Considerações finais
Por meio do estudo, reparamos algumas relações de sentidos que introduzem,
problematizam, dialogam, reconstroem as práticas de leitura no contexto escolar, indicando
um intercâmbio de linguagens e interferência cultural no ensino de ciências e, por
consequência, suscitam determinadas questões teórico-práticas sobre a mediação do saber na
práxis docente sobre funcionamentos e mobilizações do conhecimento escolar.
No que se refere à formação de professores, constatamos que a prática de leitura
pressupõe uma familiaridade dos licenciandos com certos tipos de textos e, dessa forma,
desencadeia um valor capital na construção de interpretações (ideológicas, históricas,
teóricas) que uma mediação didática em ciências pode permitir no contexto da sala de aula.
No que toca ao conhecimento escolar - ainda que persistam algumas heranças
tradicionais de um modelo de ensino - de modo geral, percebemos dos planos de ensino que a
multiplicidade de linguagens na formação dos professores pode designar uma práxis de leitura
diversificada, quando abrange relações reflexivas sobre as diferentes características culturais
dos sujeitos. Indicando, dessa forma, pressupostos de uma mediação didática dialética
(LOPES, 1999) que pode ser estabelecida entre o conhecimento científico e escolar. Isso
sinaliza que a concepção e a prática de leitura do professor são as grandes responsáveis por
estabilizar ou provocar movimentos de apropriação que fuja da cotidianidade e avancem apara
uma perspectiva de formação científica dos estudantes. Apontamos, então, que “isso nos
obriga a examinar as relações entre teoria e prática em novo plano: como relação entre teoria
já elaborada e uma prática que ainda não existe” (VASQUEZ, 1997, p.232).
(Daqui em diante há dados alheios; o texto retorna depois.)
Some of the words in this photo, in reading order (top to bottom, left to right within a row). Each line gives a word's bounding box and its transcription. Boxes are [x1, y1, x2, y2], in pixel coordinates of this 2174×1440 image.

Por conta desse quadro, julgamos que ser professor é apresentar um domínio
epistemológico em que se possa considerar tanto o aspecto teórico quanto o prático do
conhecimento escolar sobre a ciência. Uma vez que a ausência, deste domínio, em termos de
leitura, implica no ensino de um conhecimento raso, estabilizado e tipificado por imagens
tradicionais que roteirizam a transparência dos sentidos da ciência. Nessa medida, é
imprescindível que haja mais conhecimento a despeito da práxis de leitura sob as perspectivas
interdisciplinares, históricas e contextuais nos cursos de formação de professores de ciências.
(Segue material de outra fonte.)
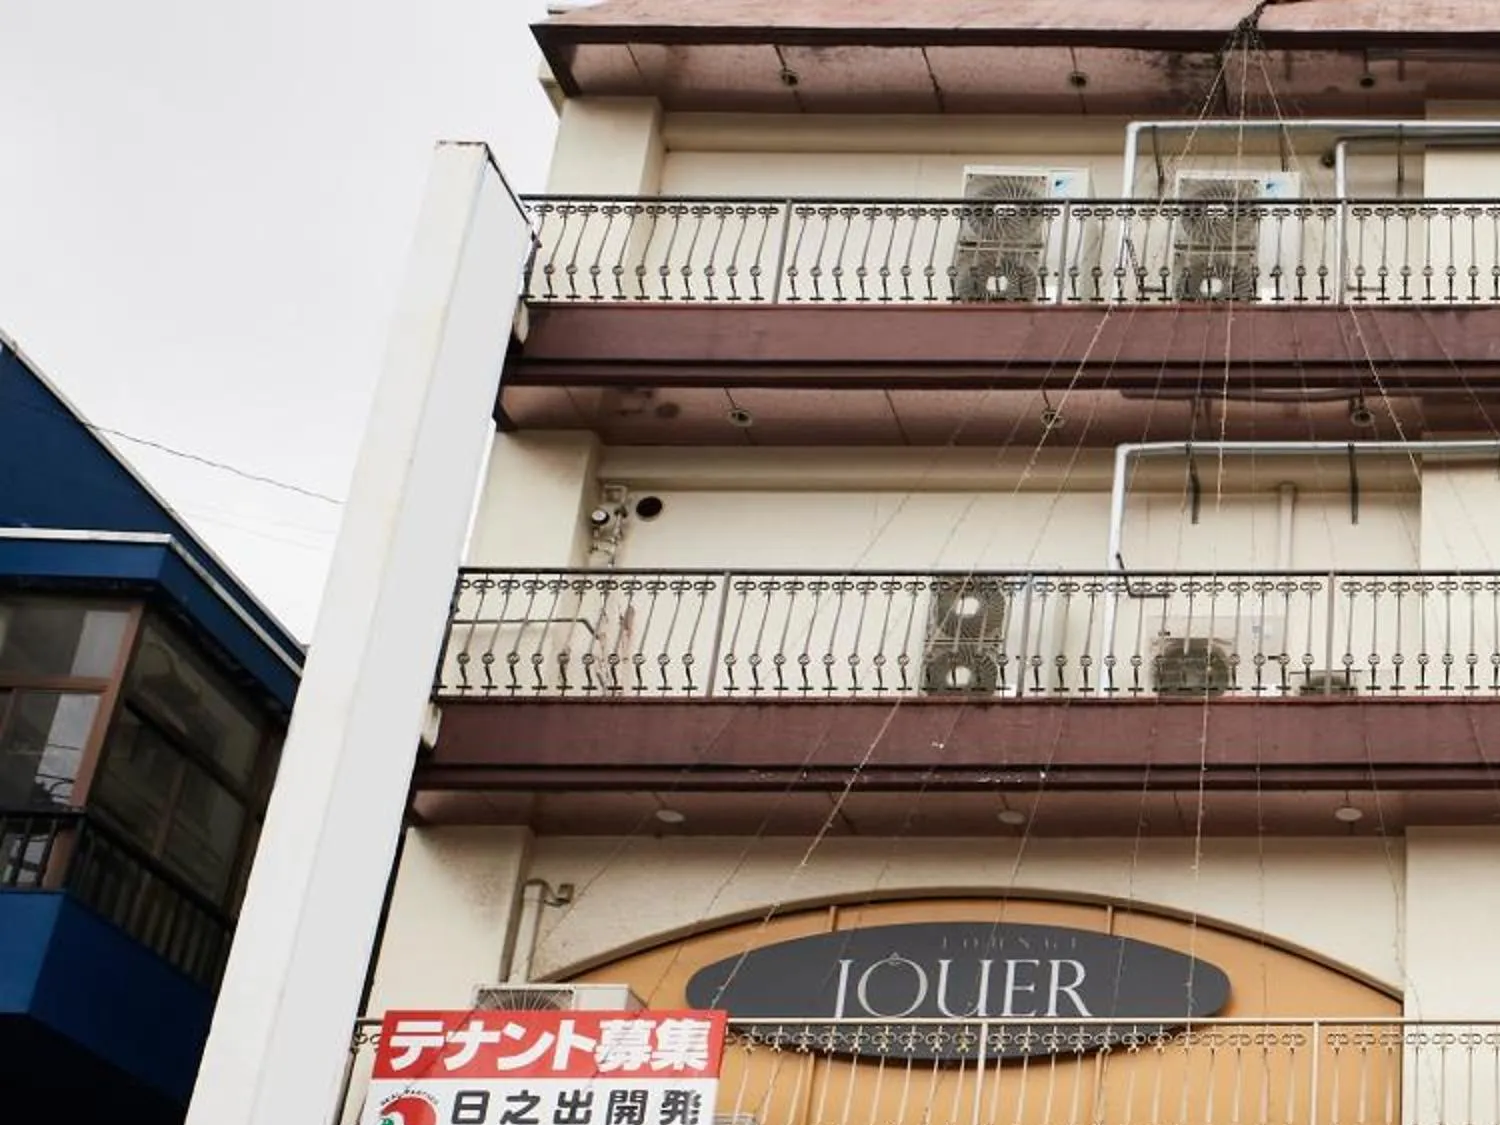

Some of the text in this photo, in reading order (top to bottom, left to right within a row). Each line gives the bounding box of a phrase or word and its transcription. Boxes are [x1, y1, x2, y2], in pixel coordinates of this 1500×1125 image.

A fim de que a aprendizagem seja mais participativa e para que a atividade docente possa agir
8388
segundo os sentidos presentes nas situações historicamente construídas. No sentido de buscar
mais contribuições epistemológicas nos processos de significação, acerca das condições de
produção do conhecimento, principalmente no contexto escolar.
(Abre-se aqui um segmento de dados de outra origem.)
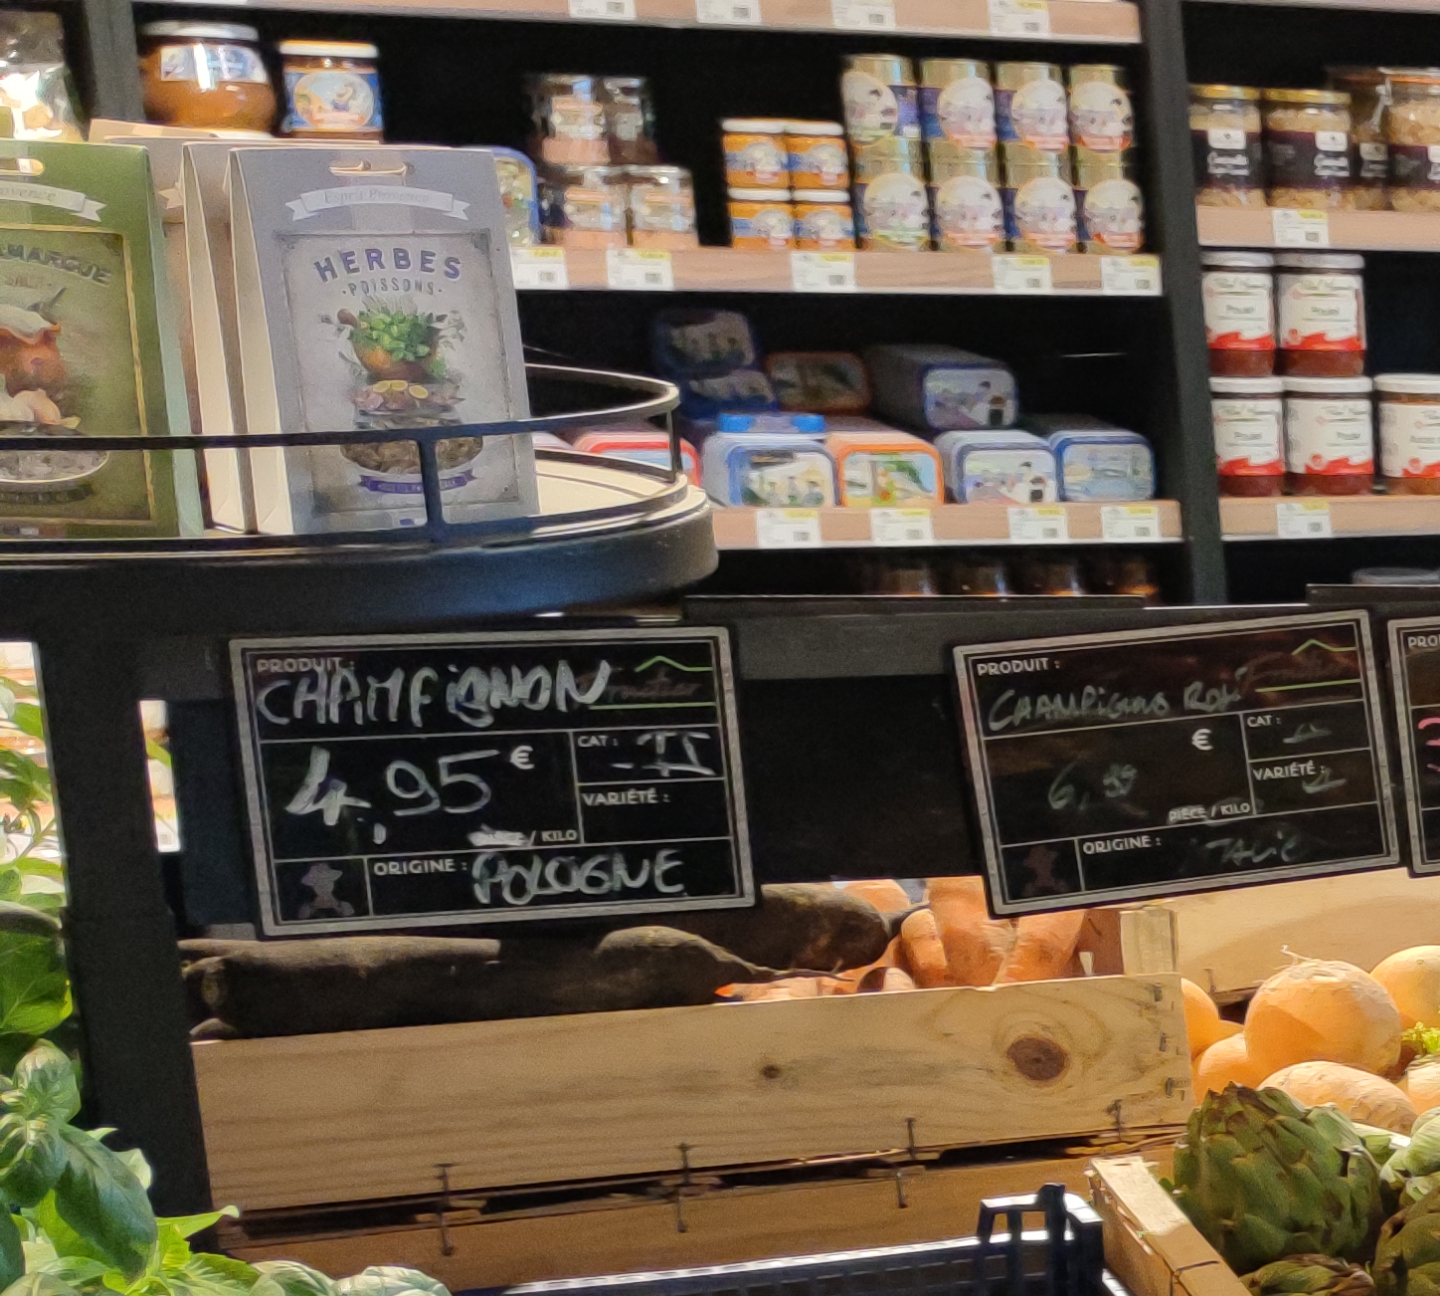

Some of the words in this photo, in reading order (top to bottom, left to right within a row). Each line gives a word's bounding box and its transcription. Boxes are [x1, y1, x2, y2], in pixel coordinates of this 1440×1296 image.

[313, 247, 463, 284] HERBES
[256, 655, 342, 674] PRODUIT
[977, 656, 1050, 676] PRODUIT
[1246, 715, 1273, 728] CAT
[577, 734, 611, 748] CAT
[1191, 728, 1213, 751] €
[510, 745, 535, 770] €
[1252, 759, 1317, 781] VARIÉTÉ
[582, 788, 659, 806] VARIÉTÉ
[1220, 801, 1251, 816] KILO
[540, 828, 578, 842] KILO
[1082, 833, 1152, 855] ORIGINE
[373, 858, 457, 876] ORIGINE
Resta, enfim, observar que a leitura no ensino de ciências - ainda que haja um discurso
pedagógico castrando oportunidades de refletir sobre a inserção de outras linguagens - assume
um peso diferencial na práxis docente, precisamente nas relações discursivas problematizadas
socialmente na mediação do conhecimento científico e escolar. Por isso mesmo, é razoável
não fixarmos sentidos em uma sociedade em constante transformação, mas abrirmos
perspectivas de explorar a realidade científica em sala de aula com o propósito de
contextualizar e ultrapassar os muros da escola. Almejando, assim, que o ensino de ciências
possa, cada vez mais, produzir sentidos reflexivos entre o conhecimento e a realidade
cotidiana na formação dos estudantes.